ABSTRACT

In this chapter, we explore some of the experiences of pandemic on legal education through two lenses. First, we analyse the insights that Mikhail Bakhtin’s concept of the chronotope has for our understanding of the pandemic. In the work of Valverde, de Sousa Santos and others, we see the chronotope’s infiltration into the domain of legal critique, where the intersections of space and time and their effects on legal jurisdiction and method are analysed. In legal education, the abrupt shift of curricula to online forms of learning and teaching has resulted in spatio-temporal configurations that appear to have disrupted the settled conventions of the relationships between digital and conventional legal education in individual law schools. The shift has also significantly disrupted our sense of community and identity within law schools. Second, we analyse the shift in our experiences of community and identity brought about by the unique circumstances of living and learning through the pandemic.

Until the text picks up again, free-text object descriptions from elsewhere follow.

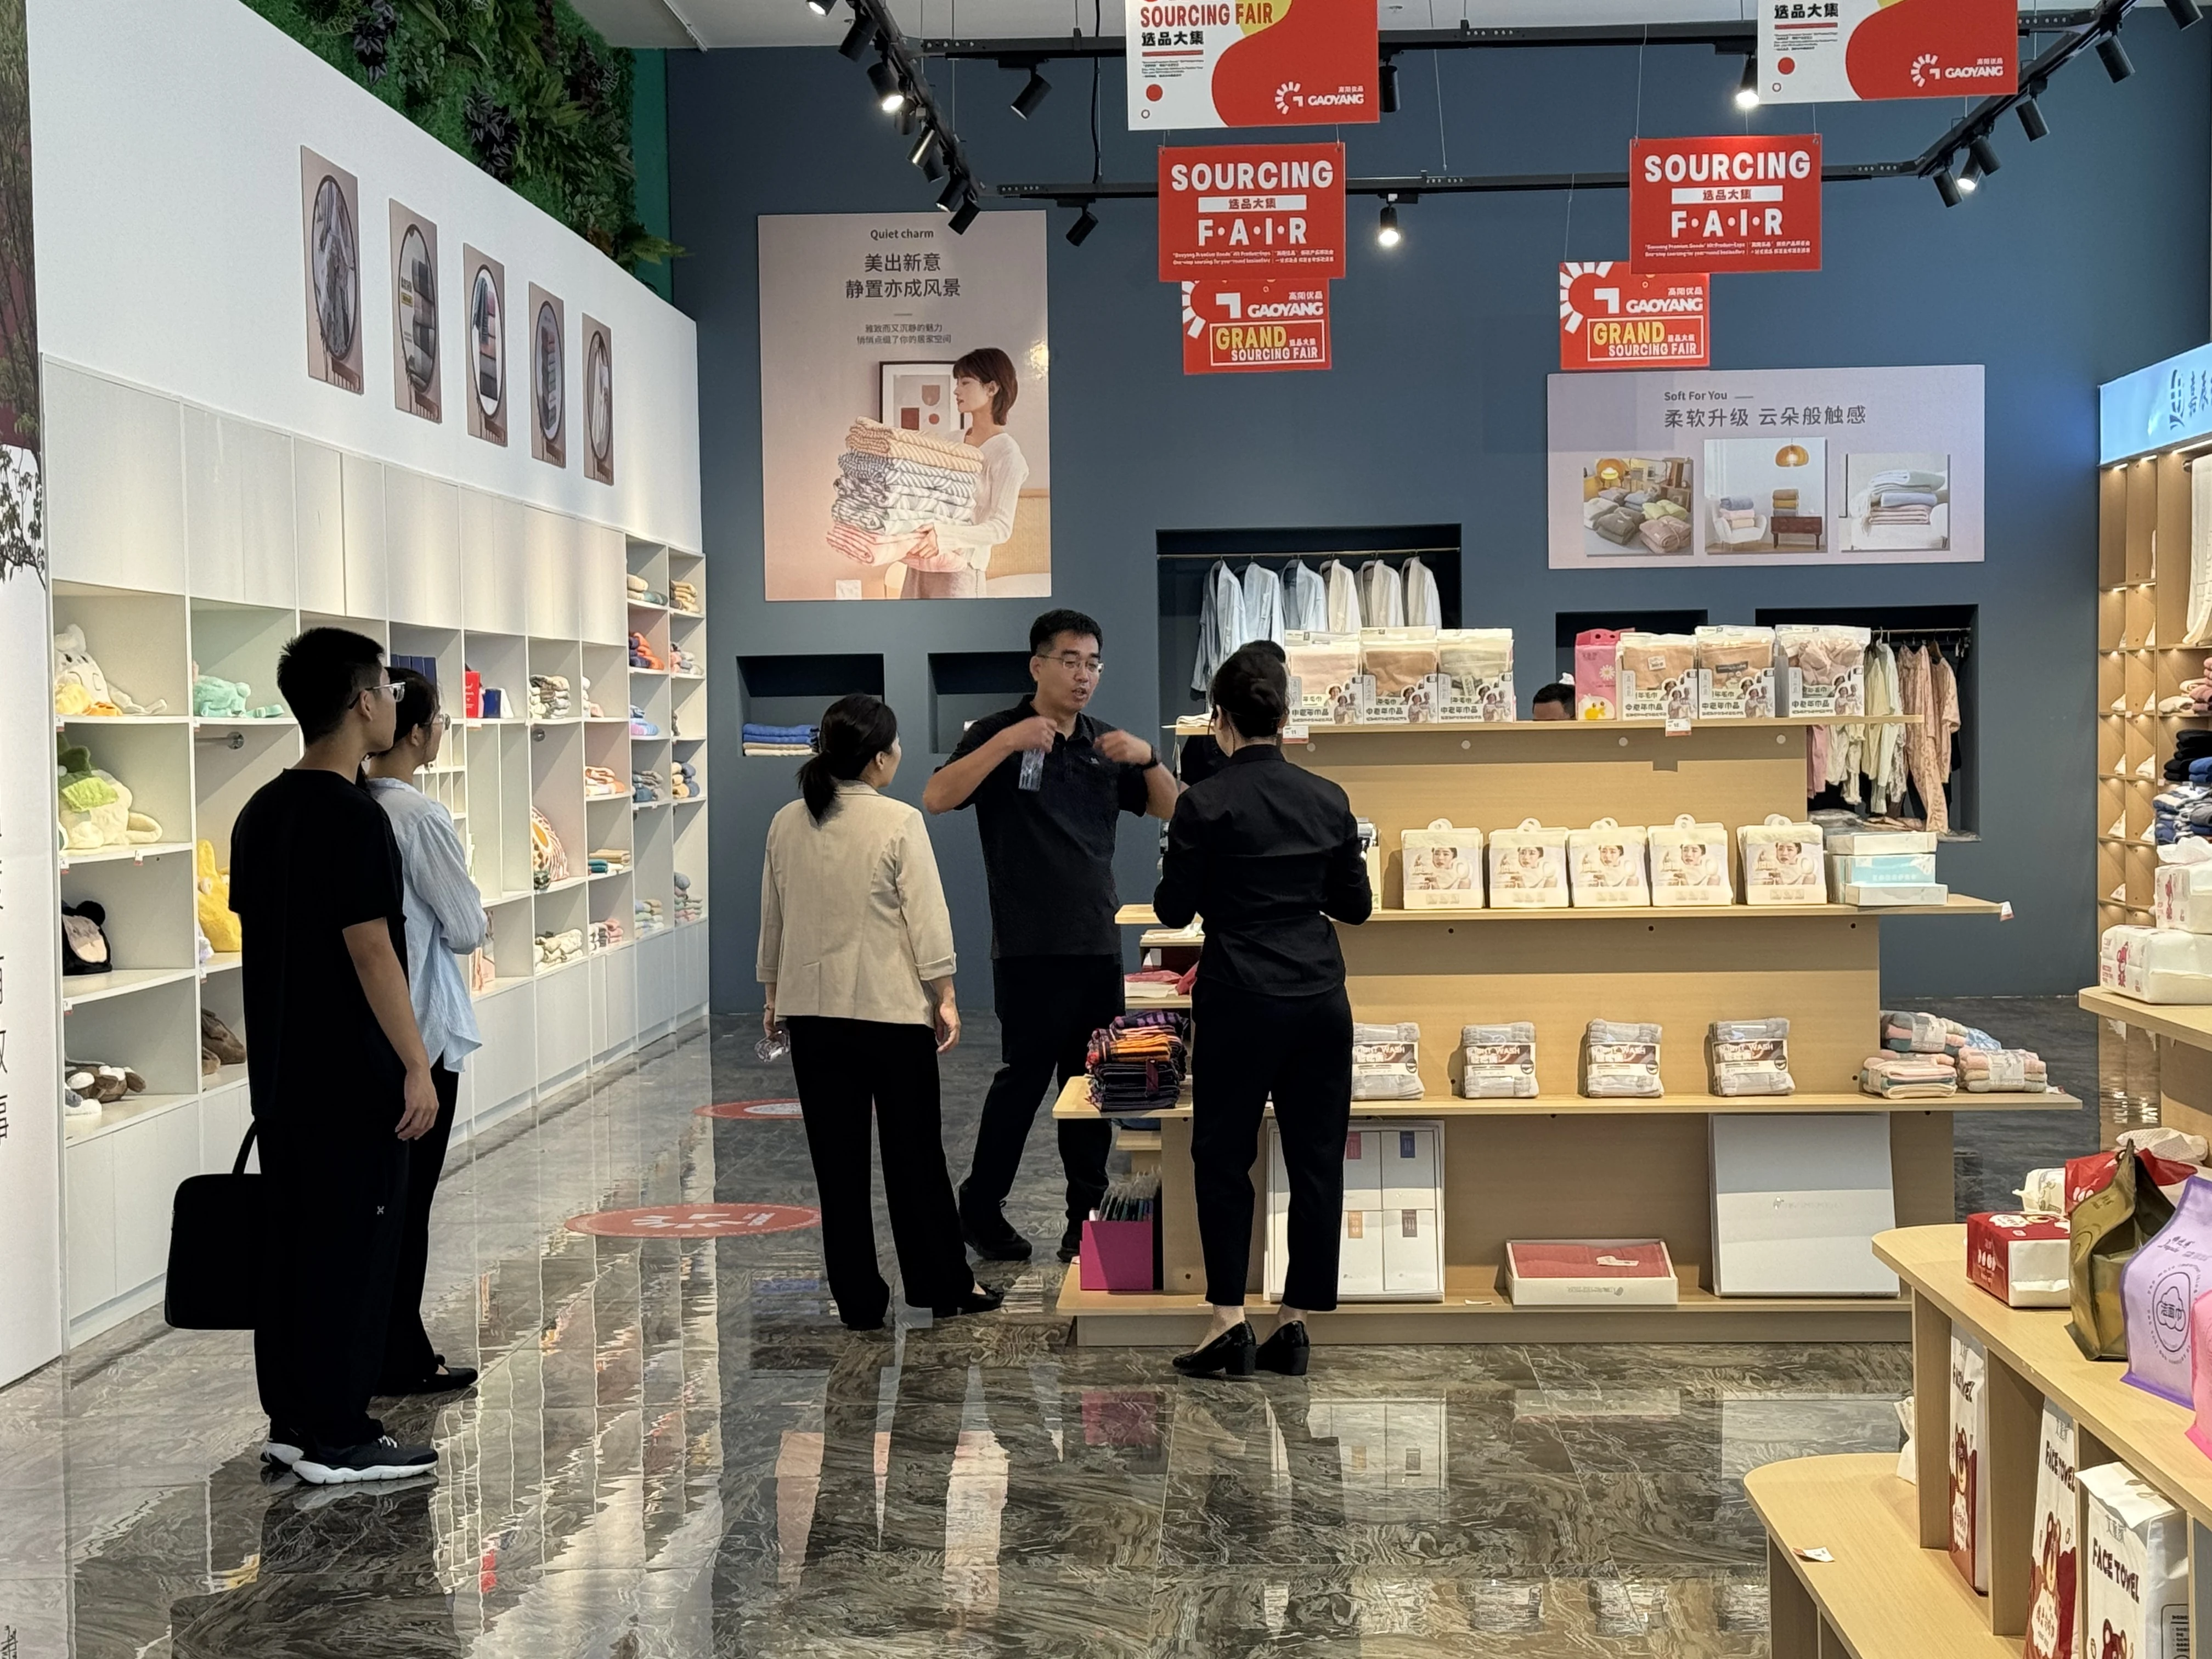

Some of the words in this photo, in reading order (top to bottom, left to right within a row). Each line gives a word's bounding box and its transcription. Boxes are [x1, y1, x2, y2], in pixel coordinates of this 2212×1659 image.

[1141, 4, 1230, 27] SOURCING
[1235, 2, 1273, 25] FAIR
[1774, 3, 1839, 19] 选品大集
[1142, 30, 1204, 47] 选品大集
[1945, 66, 2004, 79] GAOYANG
[1307, 93, 1364, 106] GAOYANG
[1645, 150, 1810, 183] SOURCING
[1171, 160, 1334, 191] SOURCING
[1702, 189, 1752, 201] 选品大集
[1228, 198, 1277, 210] 选品大集
[870, 229, 899, 241] Quiet
[901, 228, 934, 239] charm
[864, 253, 941, 273] 美出新意
[845, 278, 961, 299] 静置亦成风景
[1247, 302, 1324, 318] GAOYANG
[1626, 297, 1703, 313] GAOYANG
[1216, 326, 1287, 350] GRAND
[1593, 321, 1665, 345] GRAND
[1231, 347, 1290, 361] SOURCING
[1293, 346, 1318, 359] FAIR
[1609, 343, 1668, 357] SOURCING
[1672, 342, 1697, 355] FAIR
[1664, 391, 1685, 401] Soft
[1689, 392, 1706, 400] For
[1708, 391, 1728, 400] You
[1664, 408, 1748, 428] 柔软升级
[1758, 405, 1866, 426] 云朵般触感
[2093, 1537, 2113, 1580] FACE
[2114, 1560, 2140, 1605] TOWEL

Identities, formed out of sense of self, are also the result of social interactions – this applies to professional identity as much as to scholarly identities. We compare the opportunities for the formation of student communities, of student relationships, and of changing student identities in an online and in-person context and offer suggestions for how those might continue to be formed within an online context. Third, we explore a case study, namely a digital lecture, to unfold the often paradoxical space/time complexities of digital learning. By treating the lecture as a chronotope, we will consider how, where and when learning takes place both within and beyond the digital affordance, and reflect upon how pandemic has changed the nature and opportunity for that learning. We also set out how such environments can be improved for students, post-pandemic, to allow for development of identity and community.